ACCRA, Ghana, August 25, 2024—In the midst of Ghana’s vibrant election season, Vice President and presidential candidate Dr. Mahamudu Bawumia presents a visionary economic strategy: reestablishing the Cedi on a gold standard. This bold move aims to stabilize Ghana’s currency and inspire a new era of economic prosperity.

Speaking to a crowd of eager constituents in Accra, Dr. Bawumia outlined his plan to back the Cedi with gold, a move expected to curb the 25% depreciation experienced since early 2024. This approach not only aims to stabilize the currency but also to secure Ghana’s economic future by leveraging its substantial gold reserves.

The Advantages of a Gold-Backed Currency:

  1. Stability and Trust: By tying the Cedi’s value to gold, Dr. Bawumia believes it will stabilize the currency through intrinsic value that gold holds universally. This could reduce volatility and make the Cedi a more reliable store of value.
  2. Inflation Control: Gold-backed currencies can help prevent excessive money printing, a common cause of inflation.
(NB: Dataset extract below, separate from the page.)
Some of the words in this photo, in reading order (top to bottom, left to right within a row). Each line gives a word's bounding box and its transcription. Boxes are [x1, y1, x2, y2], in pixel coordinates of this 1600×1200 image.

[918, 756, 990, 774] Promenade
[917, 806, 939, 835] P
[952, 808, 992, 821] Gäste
With currency issuance limited by gold reserves, Ghana could see lower inflation rates, preserving the purchasing power of its citizens.
  3. Investor Confidence: A gold standard could enhance investor confidence by reducing the risk associated with currency fluctuations and inflation. This can attract foreign investment, crucial for Ghana’s economic growth.
  4. Economic Sovereignty: Aligning with global movements toward de-dollarization, such as those by BRICS countries, Ghana could reduce its dependence on foreign economic policies and strengthen its financial autonomy.
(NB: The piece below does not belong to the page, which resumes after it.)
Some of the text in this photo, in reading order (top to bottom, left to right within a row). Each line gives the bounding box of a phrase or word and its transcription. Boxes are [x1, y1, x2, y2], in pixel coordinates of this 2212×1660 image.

However, experts like Richmond Atuahene caution the need for a stable economic base before implementing a gold-backed currency. They argue that strengthening the economy’s fundamentals is crucial for the success of such a monetary system. Atuahene suggests increasing gold reserves by adjusting the percentage of gold export proceeds retained domestically, a necessary step for backing the entire currency supply.

Dr. Bawumia also took the opportunity to highlight the recent inauguration of Royal Ghana Gold Limited, the country’s first gold refinery, as a strategic move in accumulating enough gold reserves to back the Cedi effectively.
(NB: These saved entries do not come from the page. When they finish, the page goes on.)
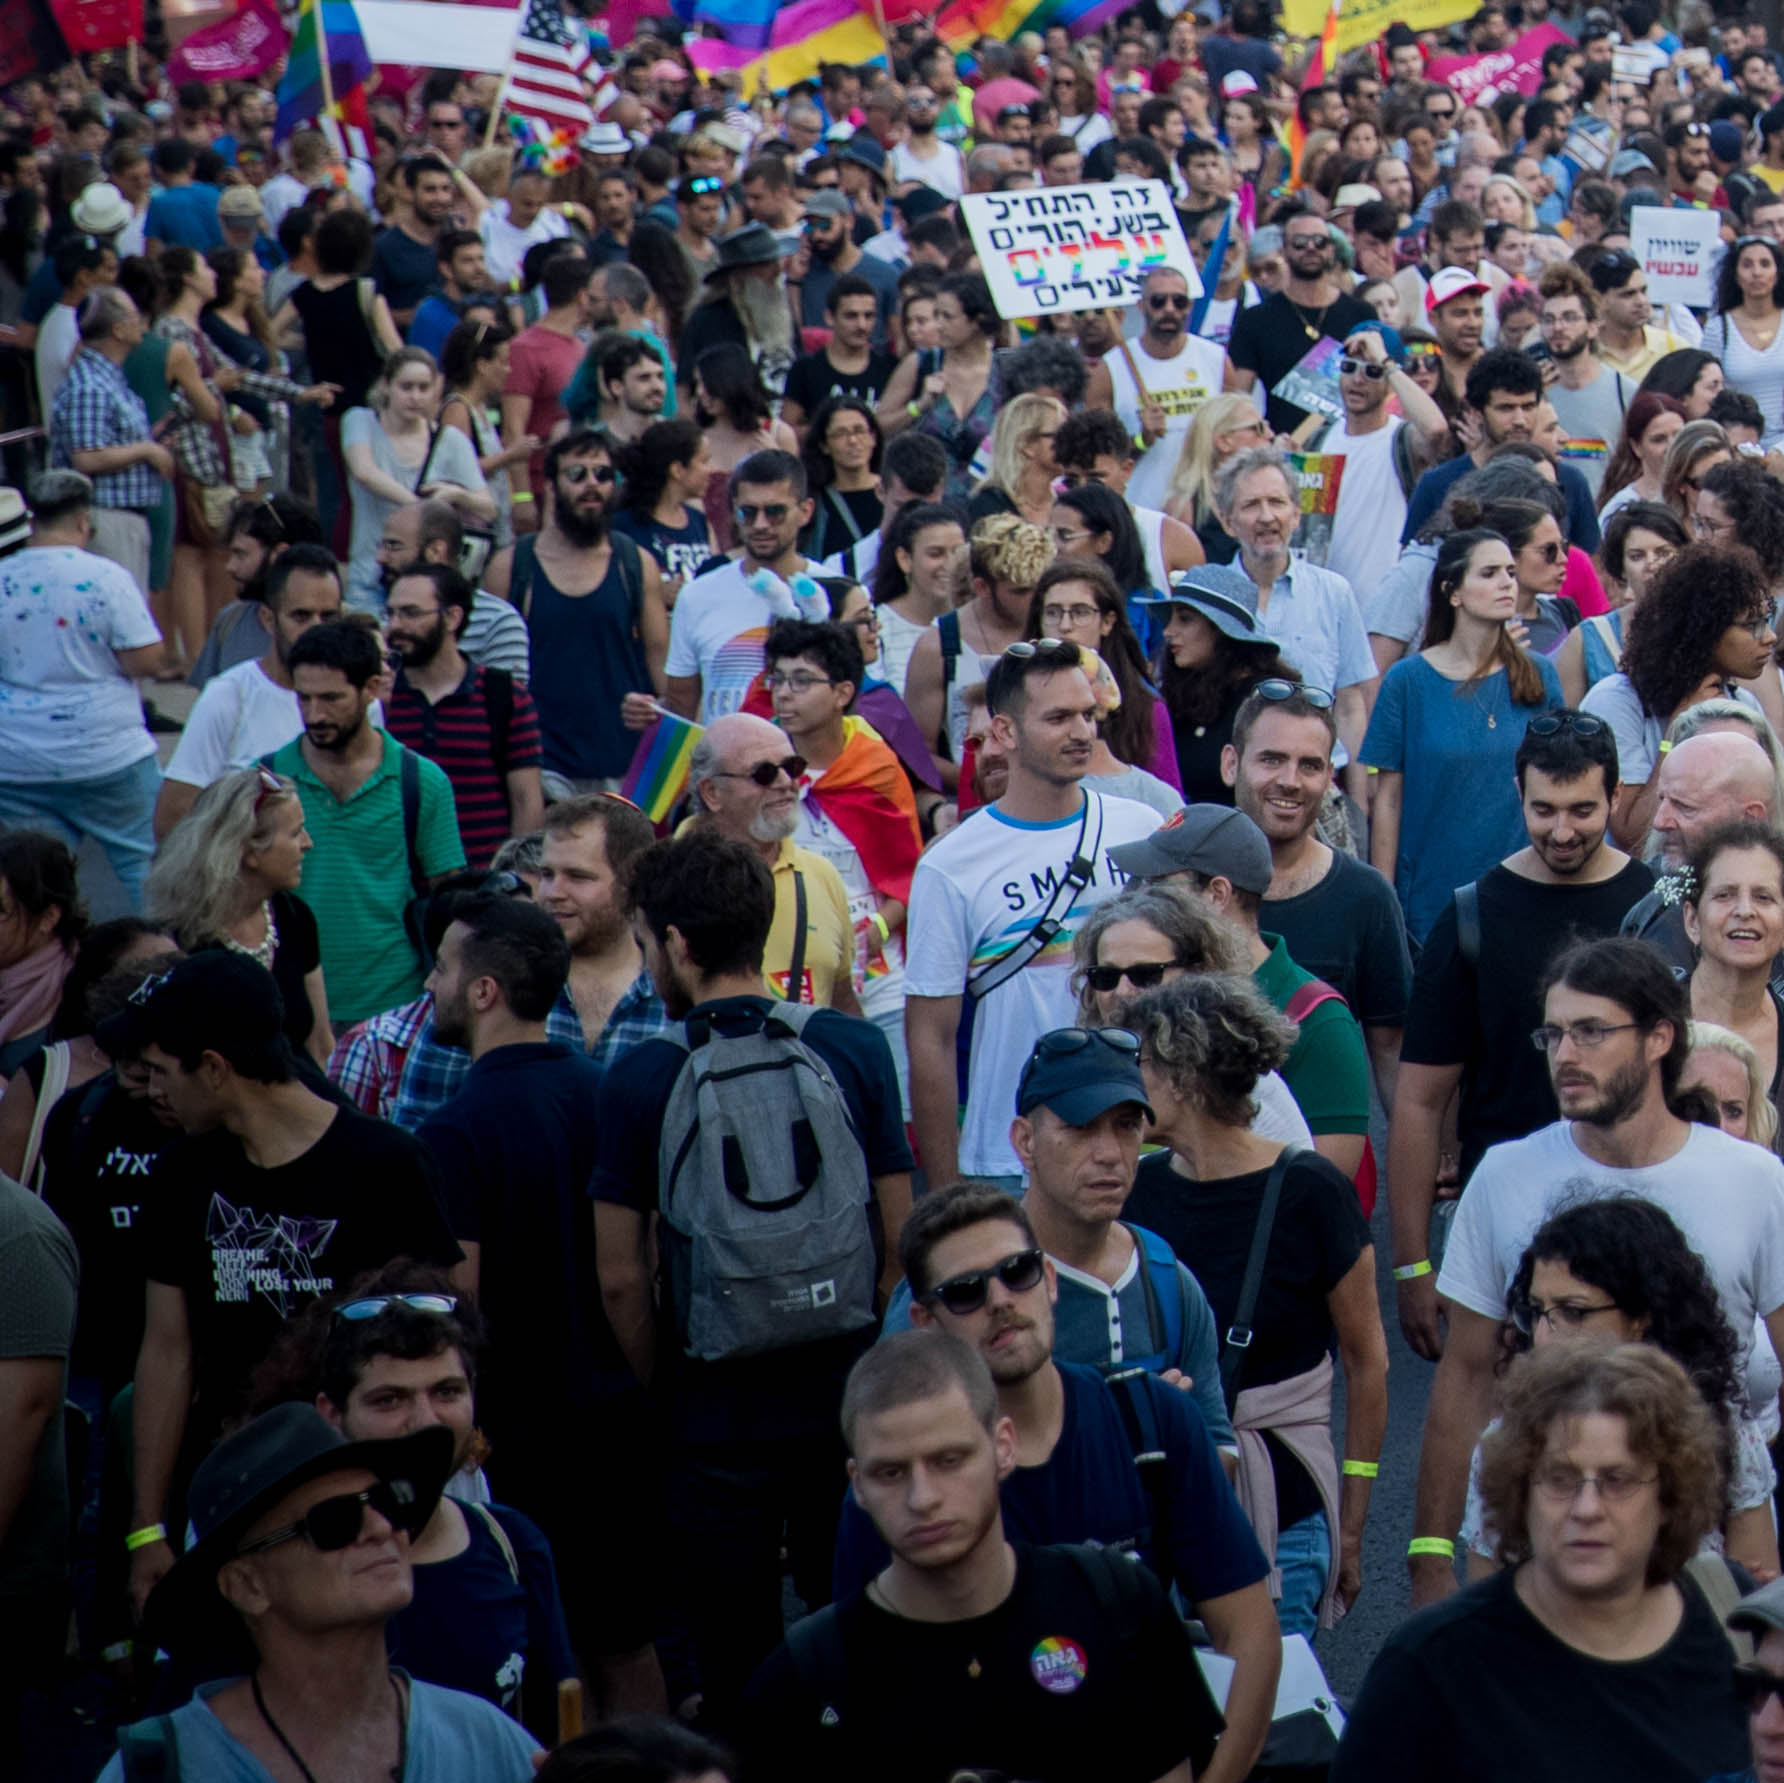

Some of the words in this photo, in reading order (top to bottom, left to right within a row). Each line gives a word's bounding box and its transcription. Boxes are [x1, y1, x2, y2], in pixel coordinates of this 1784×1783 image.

[986, 192, 1096, 221] התחיל
[1111, 187, 1151, 209] זה
[989, 220, 1087, 250] הורים
[1094, 212, 1171, 236] בשני
[1006, 231, 1168, 287] עליזים
[1648, 237, 1701, 259] שוויון
[1645, 260, 1699, 277] עכשיו
[255, 1279, 291, 1293] LOSE
[293, 1277, 334, 1292] YOUR
[1035, 1646, 1079, 1674] גאה
Despite some skepticism, particularly regarding the potential constraints on monetary policy, the proposal represents a significant shift towards economic stability and growth. By linking the Cedi to gold, Ghana hopes to not only stabilize its currency but also to secure a more prosperous and resilient economic future.

Despite these reservations, the move could potentially usher in a period of economic stability reminiscent of the prosperity seen in nations during the gold standard era. The initiative is aimed at curbing excessive money printing and promoting investor confidence, which could attract foreign investments and bolster national growth.

Beyond the borders of Ghana, Dr. Bawumia’s proposal aligns with broader global shifts as seen in the strategies of BRICS nations, which are also contemplating a similar detachment from the US dollar in favor of gold-backed regional currencies. Ghana's interest in joining BRICS, as previously expressed by President Nana Akufo-Addo, positions the nation on a potential path towards greater economic autonomy and influence on the global stage.

As the December elections approach, Dr. Bawumia’s promise of a gold-backed Cedi is not just about economic policy, but about instilling hope and confidence in Ghana’s financial future, making it as solid and enduring as the gold it stands upon.